The relationship between democracy and the market economy preoccupied Western intellectuals throughout the twentieth century. This issue captured the attention of a range of thinkers, from the philosophically engaged Nobel economists F. A. Hayek and James Buchanan to economically informed philosophers like Michael Novak and Irving Kristol. 

The success of markets in delivering economic growth depends upon property rights, rule of law, and free prices not being suppressed by governments, including democratically elected governments. Markets also depend upon people accepting that unequal economic outcomes are inevitable if sustained economic growth is to occur.

These features of markets come into tension with aspects of modern democracy. In democracies, it is the norm that many disputed questions—including many economic issues—are settled by majority will, whether through legislatures or popular votes. This gives democratic governments considerable scope to curtail the workings of markets. 

Democracy likewise attaches, as Alexis de Tocqueville stressed, a high premium to equality. This passion for equality, Tocqueville worried, could easily lead to democracy threatening liberty insofar as freedom generates numerous inequalities. Hayek agreed and subsequently devoted much of his Law, Legislation, and Liberty to outlining ways to prevent democracy from crushing freedom.

Some of these tensions feature in The Crisis of Democratic Capitalism, authored by the Financial Times’ chief economics commentator, Martin Wolf. Both modern capitalism and contemporary democracy are products of a post-Enlightenment world. Their advance, Wolf points out, has gone hand-in-hand from the Industrial Revolution onwards.

Now, however, the marriage is under strain. In Wolf’s view, a divorce would prove disastrous. Staving off such a catastrophe, Wolf claims, is ultimately “the responsibility of elites” who, he insists, must safeguard “the fragile achievements of democratic capitalism” against “an incoming tide of plutocratic populism and tyranny.” It’s unclear how elites can fulfill this role, when Wolf acknowledges that they presently lack credibility. This unresolved question pervades Wolf’s book.

Failed Elites, Populist Demagogues

Like many others, Wolf holds that the rot in contemporary democratic capitalism accelerated as a consequence of the 2008 financial crisis. This shattered many people’s post-1990s faith that the only political question left was how quickly different nations would embrace liberal democracy and market economies. Since 2008, Wolf argues, growing doubts about capitalism have been accompanied by emerging skepticism about liberal democracy on the right and the left, something matched by Communist China’s effort to build an alternative—“bureaucratic authoritarian capitalism”—to liberal democratic capitalism.

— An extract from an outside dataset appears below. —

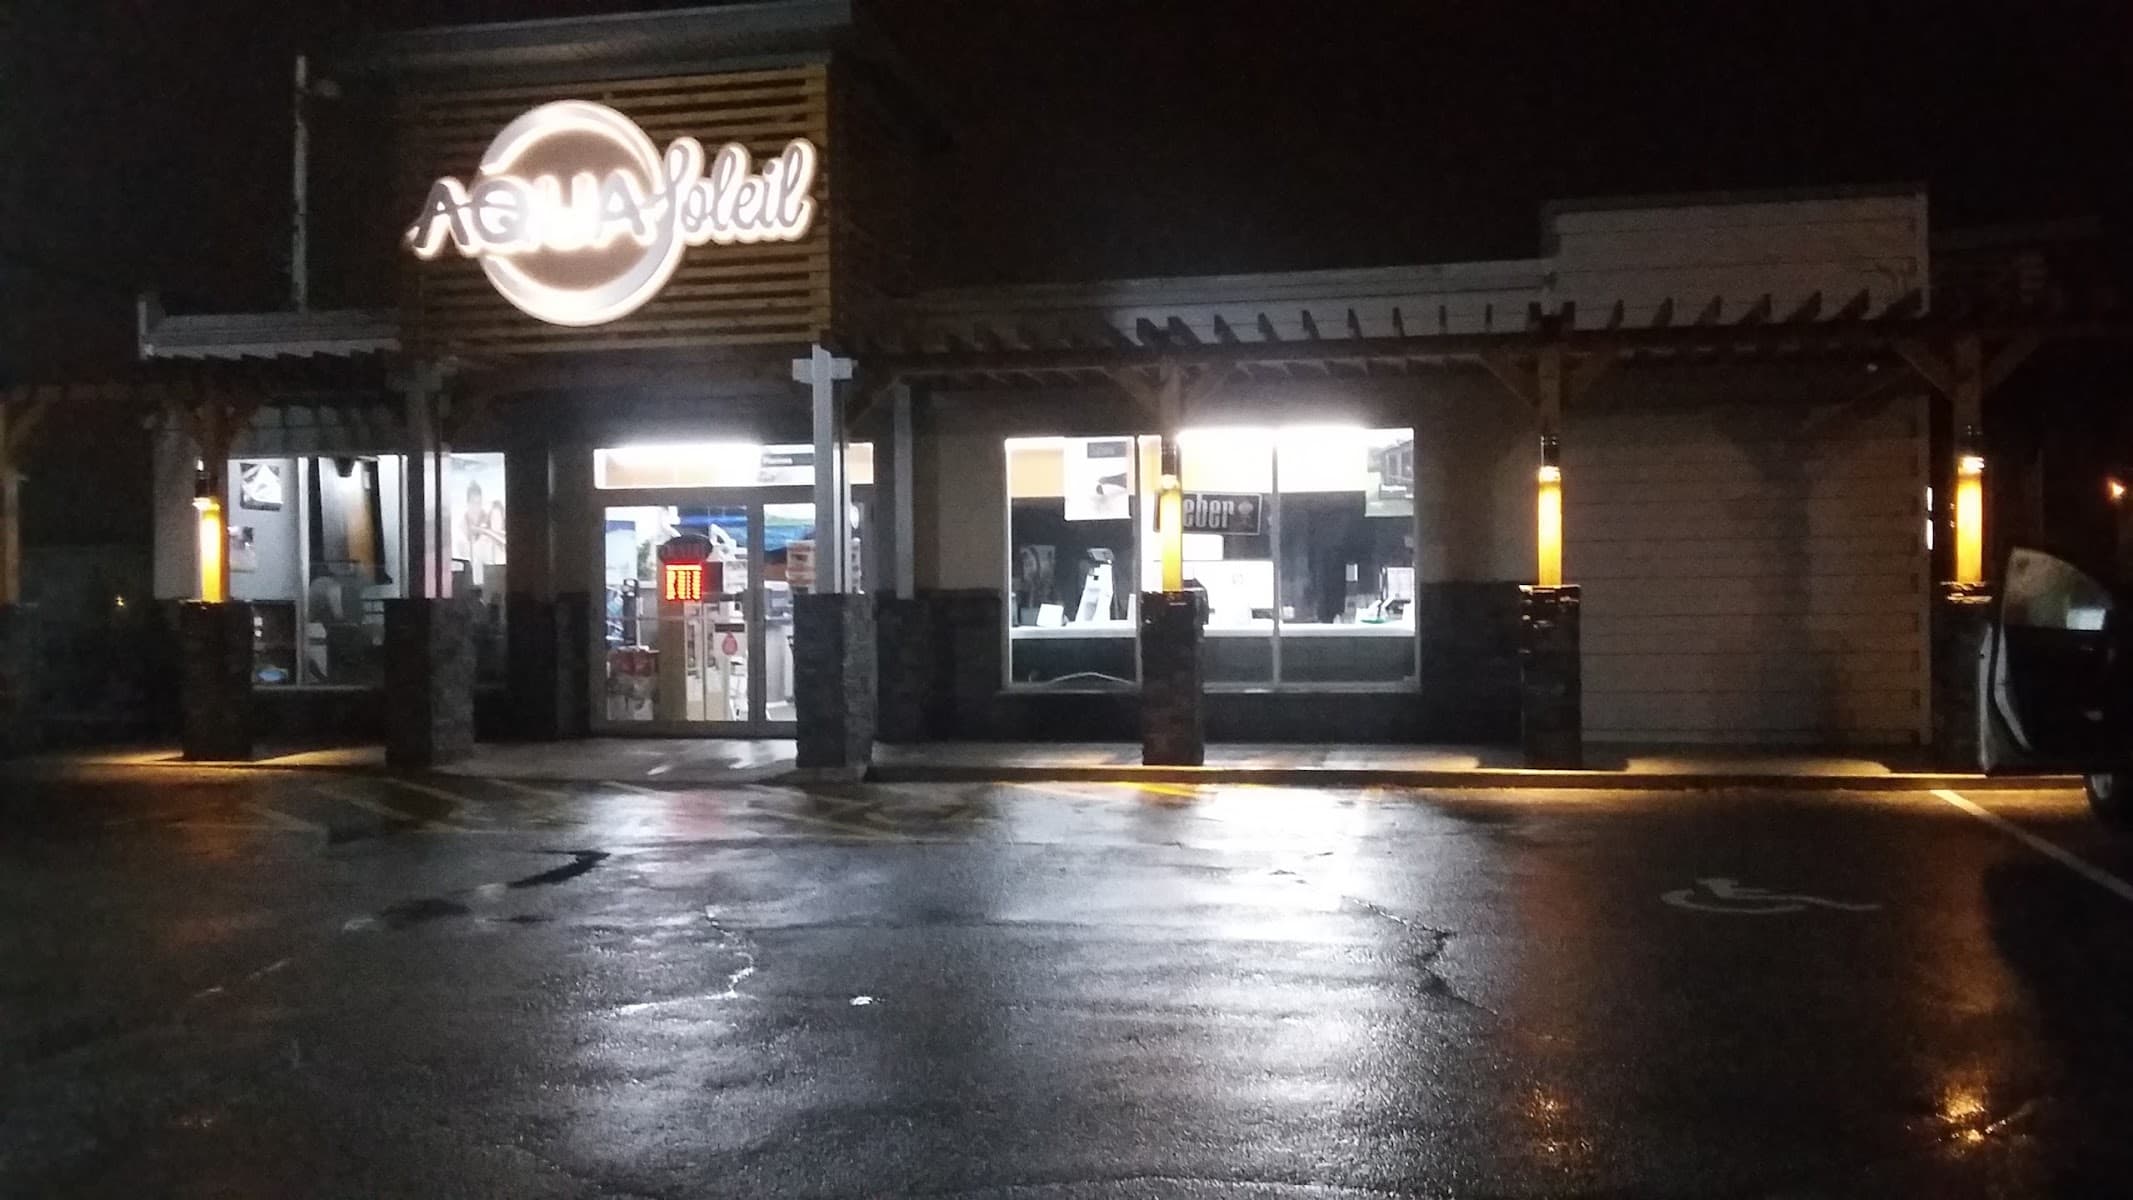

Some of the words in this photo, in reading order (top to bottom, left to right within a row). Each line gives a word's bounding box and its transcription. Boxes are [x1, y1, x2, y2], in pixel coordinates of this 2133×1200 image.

[408, 169, 658, 256] AQUA
[655, 138, 814, 244] Soleil
[1181, 493, 1235, 528] eber

Wolf makes his case by describing the politics and economics that characterize democracy and free markets, before outlining what has gone wrong with them in recent decades. Wolf then describes the reforms that he considers necessary to create “a more inclusive and successful economy and healthier democracies.” He concludes by looking at how “a reinvigorated alliance of democratic capitalist states” might push back against those anxious to undo this political-economic system.

Democratic capitalism’s present troubles, Wolf maintains, are underpinned by what he calls “economic disappointment.” Instead of “prosperity and steady progress,” many believe that post-1990s capitalism is marked by “soaring inequality, dead-end jobs, and macroeconomic instability.” Whatever its validity (I have doubts about the accuracy of the first and second of these claims), this narrative’s saliency on much of the right and left has produced economic and political realignments that risk undermining the legitimacy of markets and democracy.

Central to this shift, from Wolf’s standpoint, are three phenomena. The first concerns negative long-term economic trends ranging from low-growth rates to population decline. Such economic challenges have stimulated a second problem: the spread of “status anxiety.” This manifests itself, Wolf indicates, among those who are doing well economically, but not so well that it would take much for them to fall back down the social ladder.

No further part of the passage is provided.